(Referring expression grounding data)
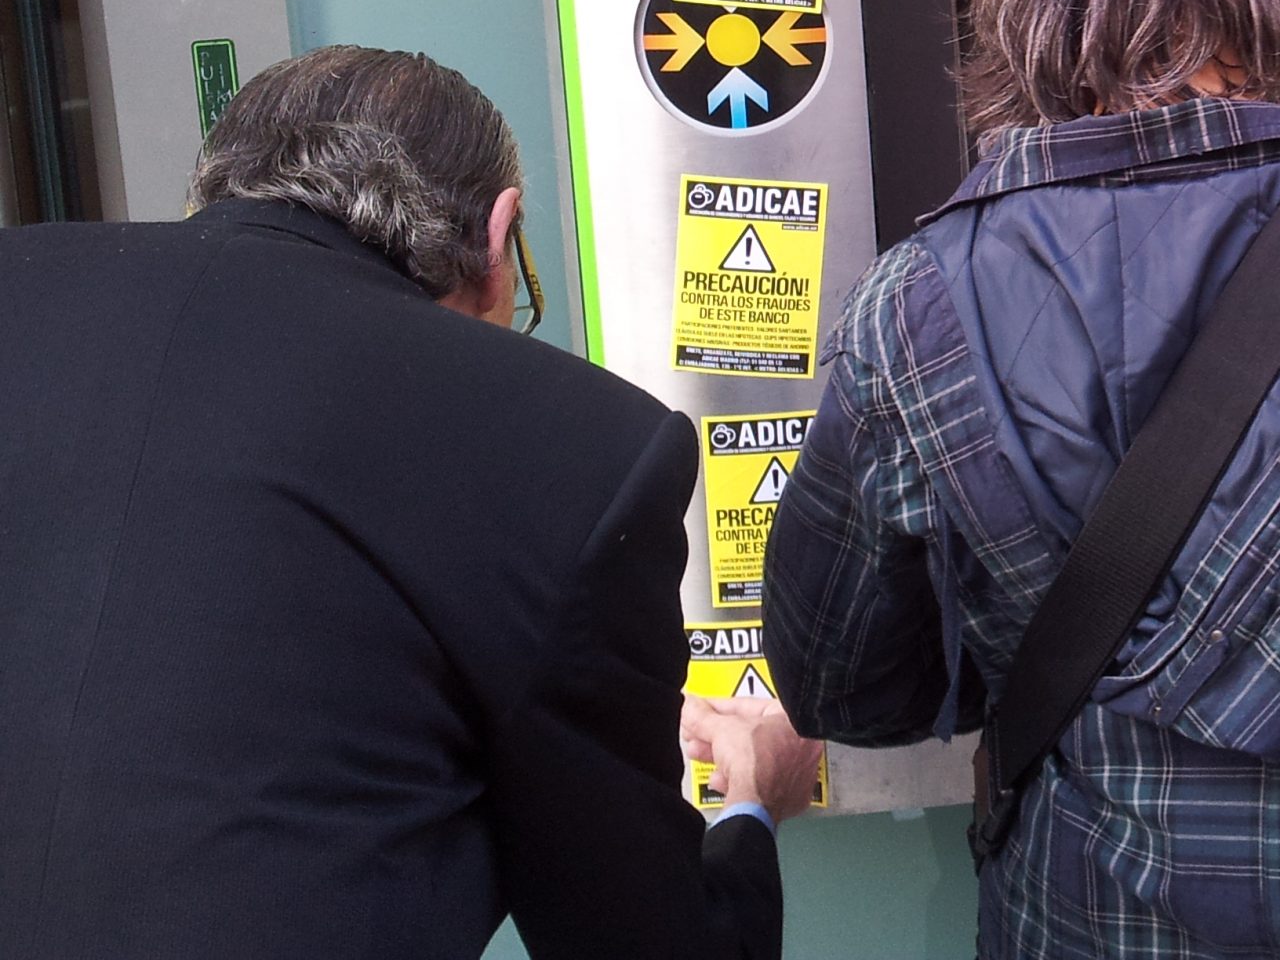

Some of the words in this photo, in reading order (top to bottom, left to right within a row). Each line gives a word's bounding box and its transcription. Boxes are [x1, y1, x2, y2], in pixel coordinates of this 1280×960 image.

[714, 184, 818, 216] ADICAE
[682, 270, 809, 297] PRECAUCIÓN!
[679, 291, 728, 307] CONTRA
[730, 295, 753, 308] LOS
[755, 296, 810, 312] FRAUDES
[698, 306, 714, 320] DE
[716, 308, 746, 322] ESTE
[748, 310, 790, 324] BANCO
[738, 417, 813, 448] ADIC
[715, 528, 763, 542] CONTRA
[736, 543, 751, 555] DE
[753, 541, 767, 554] ES
[713, 627, 763, 656] ADI
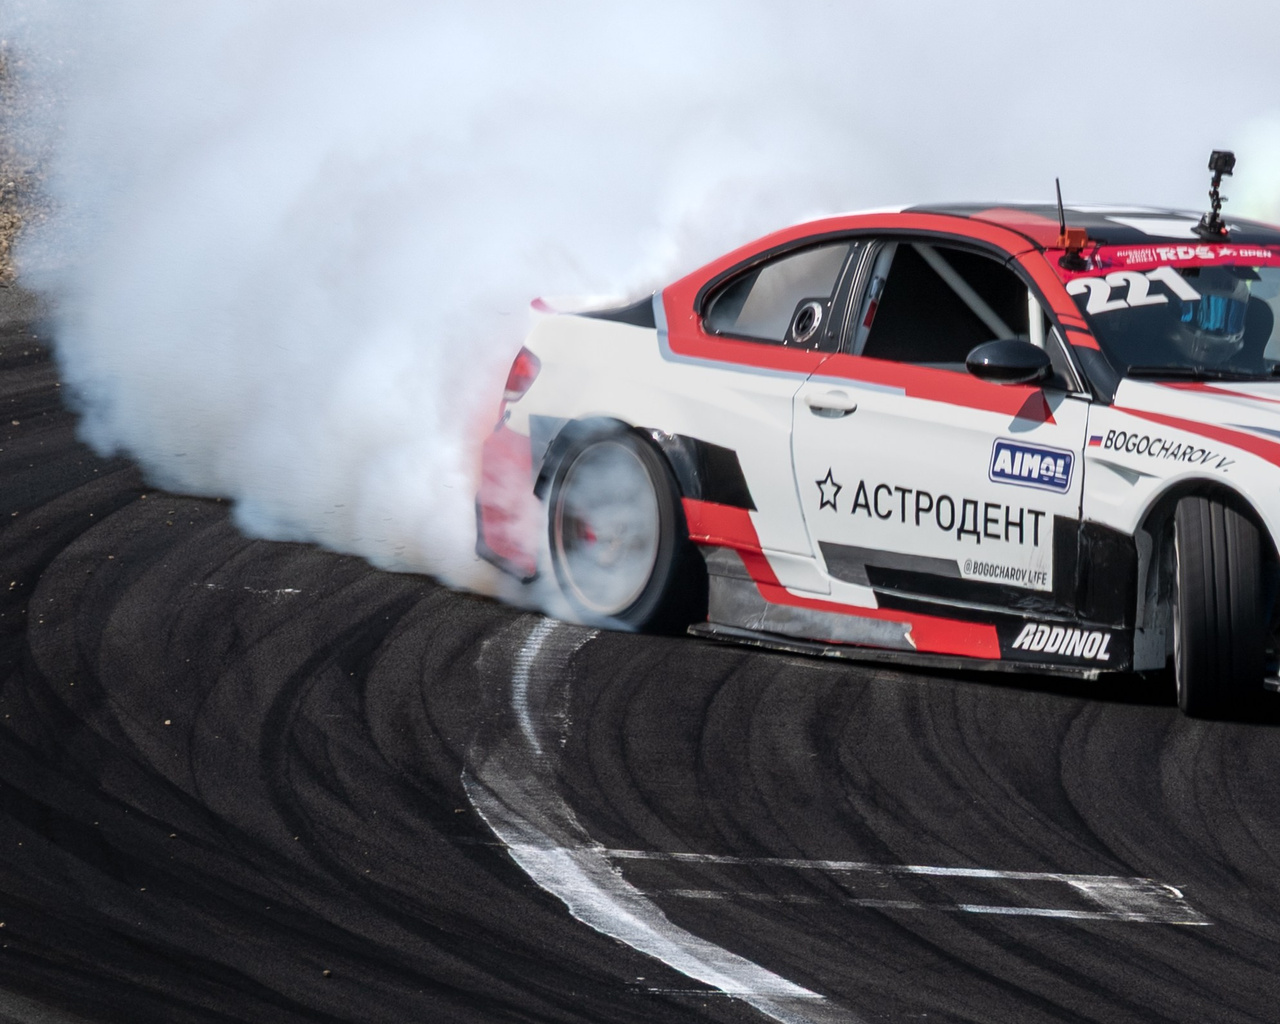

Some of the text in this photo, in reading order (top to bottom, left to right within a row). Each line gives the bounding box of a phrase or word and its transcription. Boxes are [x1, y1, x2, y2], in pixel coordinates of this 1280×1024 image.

[1156, 245, 1216, 262] RDS
[1239, 248, 1273, 259] OPEN
[1065, 265, 1202, 316] 221
[993, 448, 1068, 480] AIMOL
[1103, 429, 1220, 465] BOGOCHAROV
[850, 479, 1047, 548] АСТРОДЕНТ
[1012, 622, 1111, 661] ADDINOL

» **Assigned task**
Starting at the line with "Some of the text", retype each line through the final one in the data above, unchanged and with nothing added.

» **Exercise solution**
Some of the text in this photo, in reading order (top to bottom, left to right within a row). Each line gives the bounding box of a phrase or word and its transcription. Boxes are [x1, y1, x2, y2], in pixel coordinates of this 1280×1024 image.

[1156, 245, 1216, 262] RDS
[1239, 248, 1273, 259] OPEN
[1065, 265, 1202, 316] 221
[993, 448, 1068, 480] AIMOL
[1103, 429, 1220, 465] BOGOCHAROV
[850, 479, 1047, 548] АСТРОДЕНТ
[1012, 622, 1111, 661] ADDINOL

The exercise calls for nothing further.